Images excluded, reproduce each line of the records exactly as it stands.

# TASK INPUTS:

━━━━

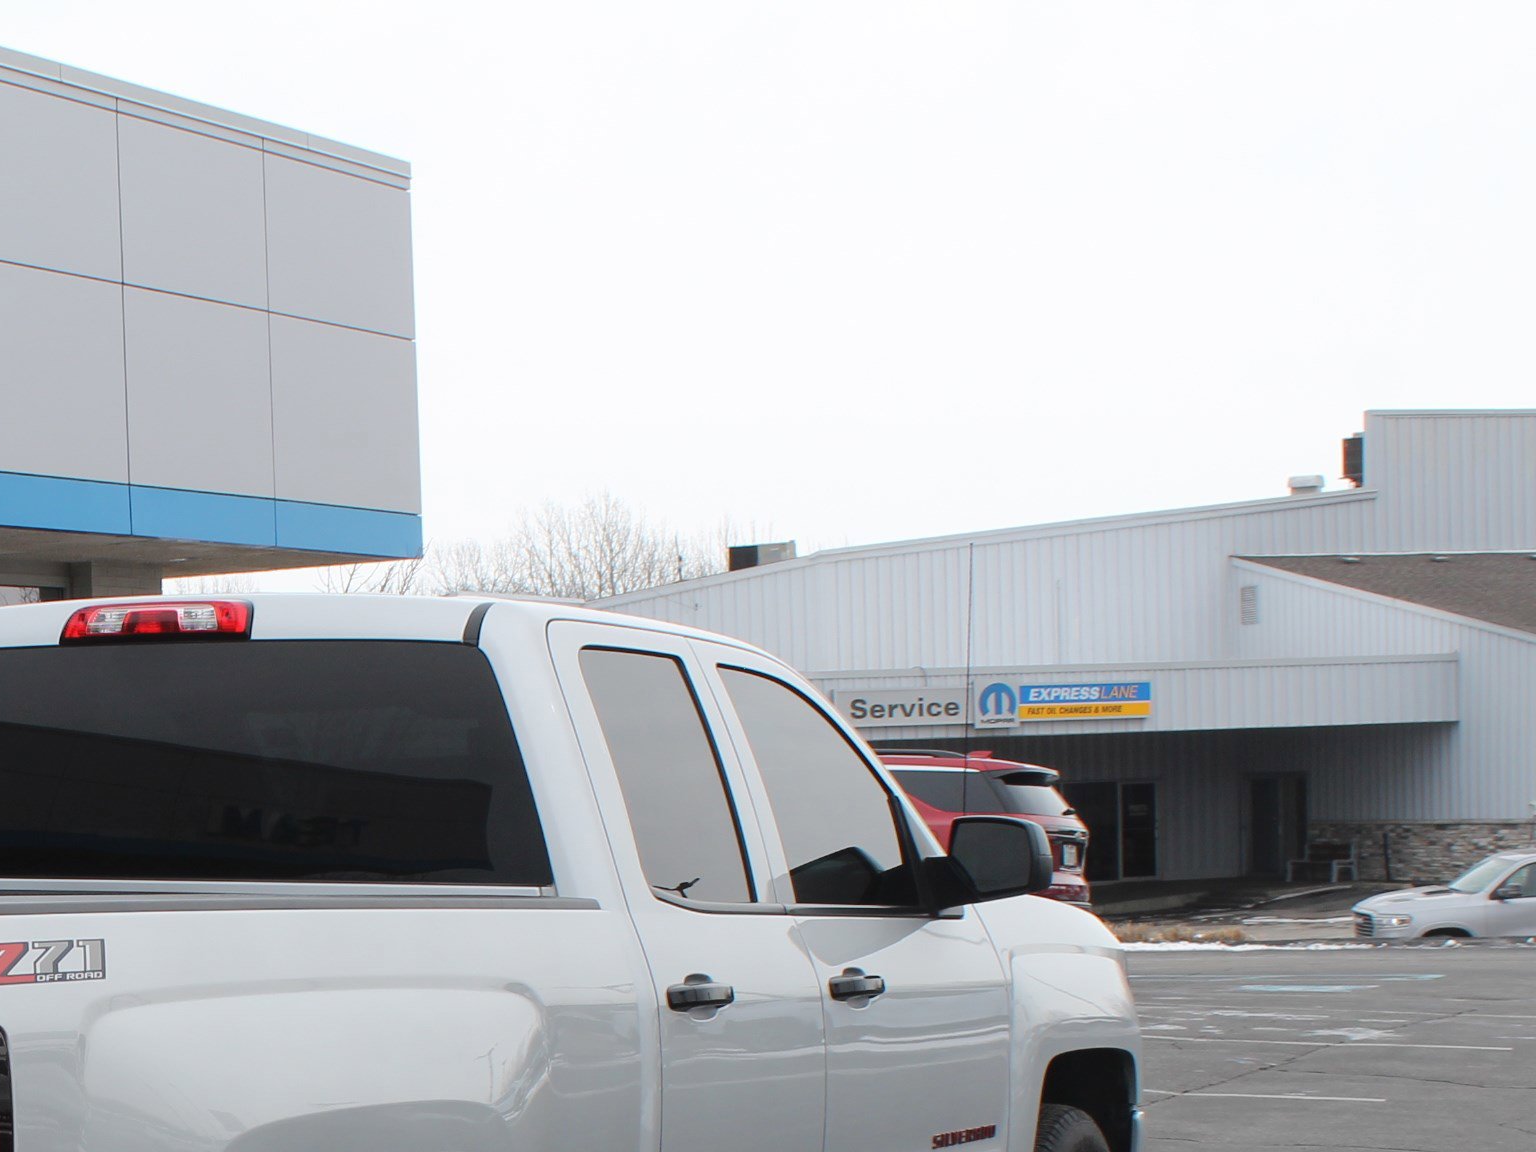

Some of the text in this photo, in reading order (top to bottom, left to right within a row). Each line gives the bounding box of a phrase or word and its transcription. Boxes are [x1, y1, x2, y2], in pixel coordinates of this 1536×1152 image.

[849, 697, 960, 720] Service
[1027, 707, 1045, 715] FAST
[1046, 707, 1057, 715] OIL
[1058, 706, 1093, 715] CHANGES
[1101, 705, 1123, 713] MORE
[36, 971, 104, 982] OFF ROAD
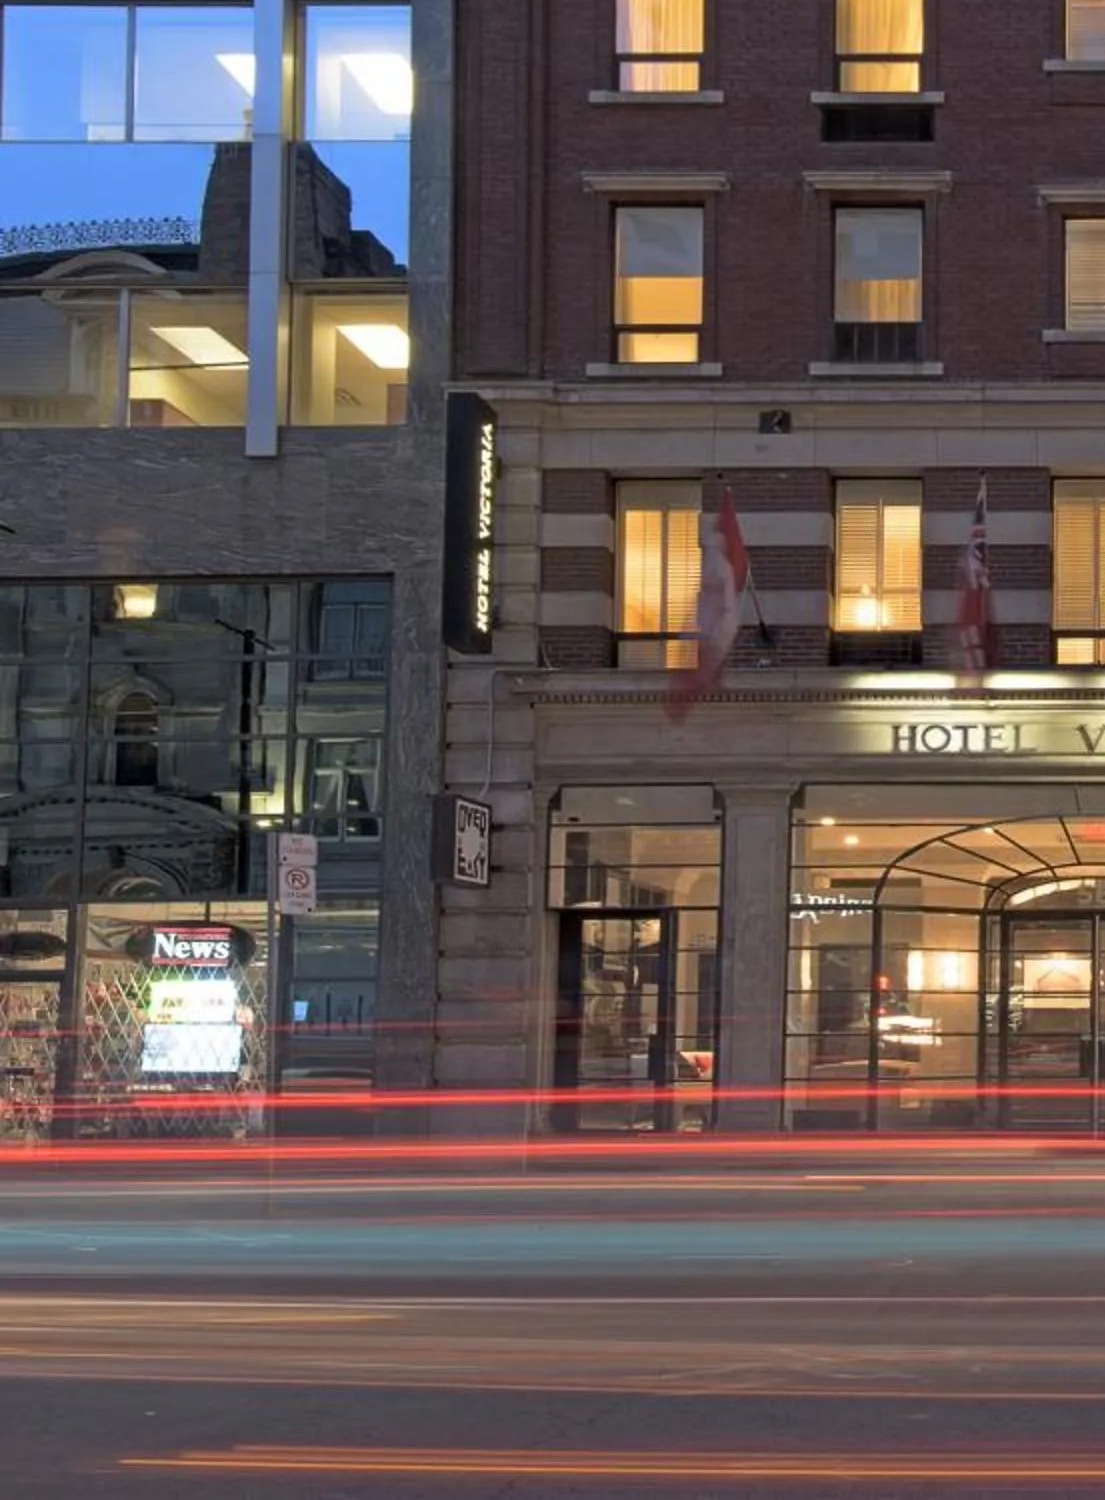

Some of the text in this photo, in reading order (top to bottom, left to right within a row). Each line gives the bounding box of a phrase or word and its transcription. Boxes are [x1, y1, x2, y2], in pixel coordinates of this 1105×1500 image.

[476, 423, 494, 633] HOTEL VICTORIA
[891, 723, 1038, 753] HOTEL
[154, 933, 230, 959] News
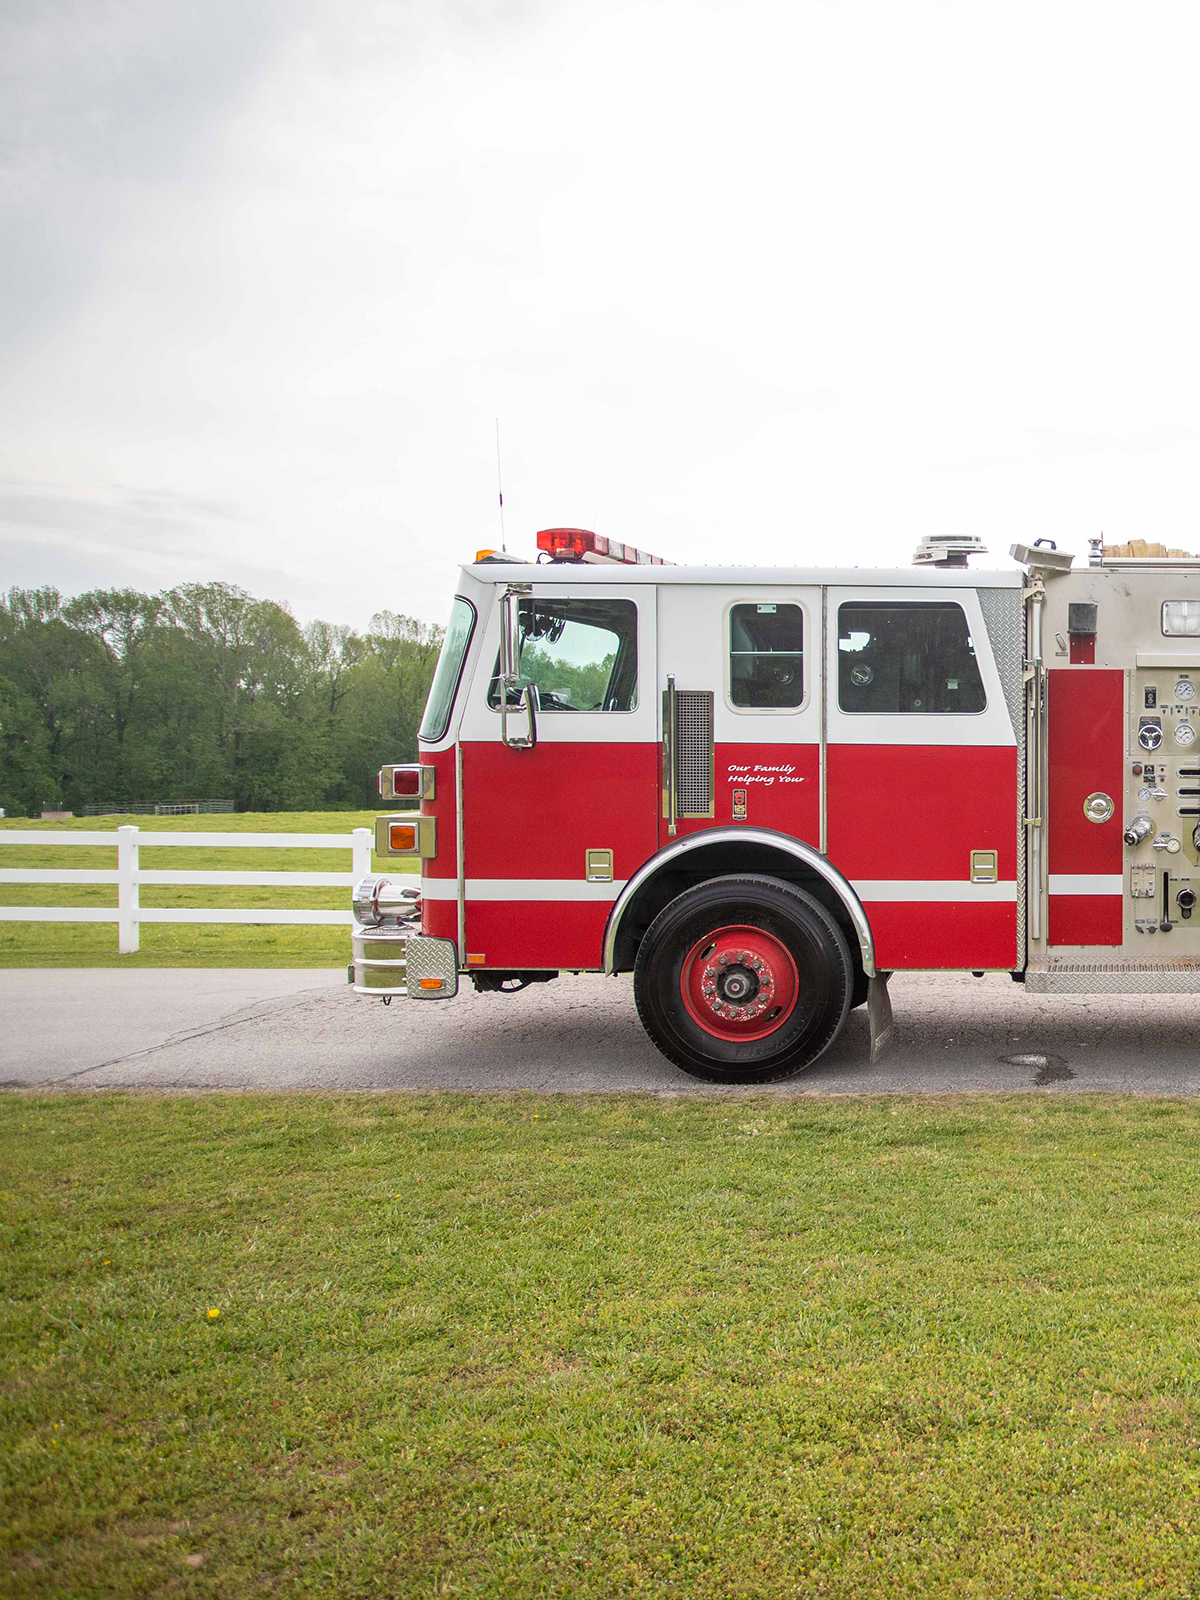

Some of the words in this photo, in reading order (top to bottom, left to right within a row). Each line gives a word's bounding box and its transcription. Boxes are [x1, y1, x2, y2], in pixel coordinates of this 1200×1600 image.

[727, 764, 751, 772] Our
[753, 764, 796, 775] Family
[727, 774, 775, 786] Helping
[778, 775, 805, 783] Your

━━━━

# EXPECTED OUTPUT:
Some of the text in this photo, in reading order (top to bottom, left to right within a row). Each line gives the bounding box of a phrase or word and its transcription. Boxes are [x1, y1, x2, y2], in pixel coordinates of this 1536×1152 image.

[849, 697, 960, 720] Service
[1027, 707, 1045, 715] FAST
[1046, 707, 1057, 715] OIL
[1058, 706, 1093, 715] CHANGES
[1101, 705, 1123, 713] MORE
[36, 971, 104, 982] OFF ROAD

Some of the text in this photo, in reading order (top to bottom, left to right within a row). Each line gives the bounding box of a phrase or word and its transcription. Boxes are [x1, y1, x2, y2], in pixel coordinates of this 1105×1500 image.

[476, 423, 494, 633] HOTEL VICTORIA
[891, 723, 1038, 753] HOTEL
[154, 933, 230, 959] News

Some of the words in this photo, in reading order (top to bottom, left to right within a row). Each line gives a word's bounding box and its transcription. Boxes are [x1, y1, x2, y2], in pixel coordinates of this 1200×1600 image.

[727, 764, 751, 772] Our
[753, 764, 796, 775] Family
[727, 774, 775, 786] Helping
[778, 775, 805, 783] Your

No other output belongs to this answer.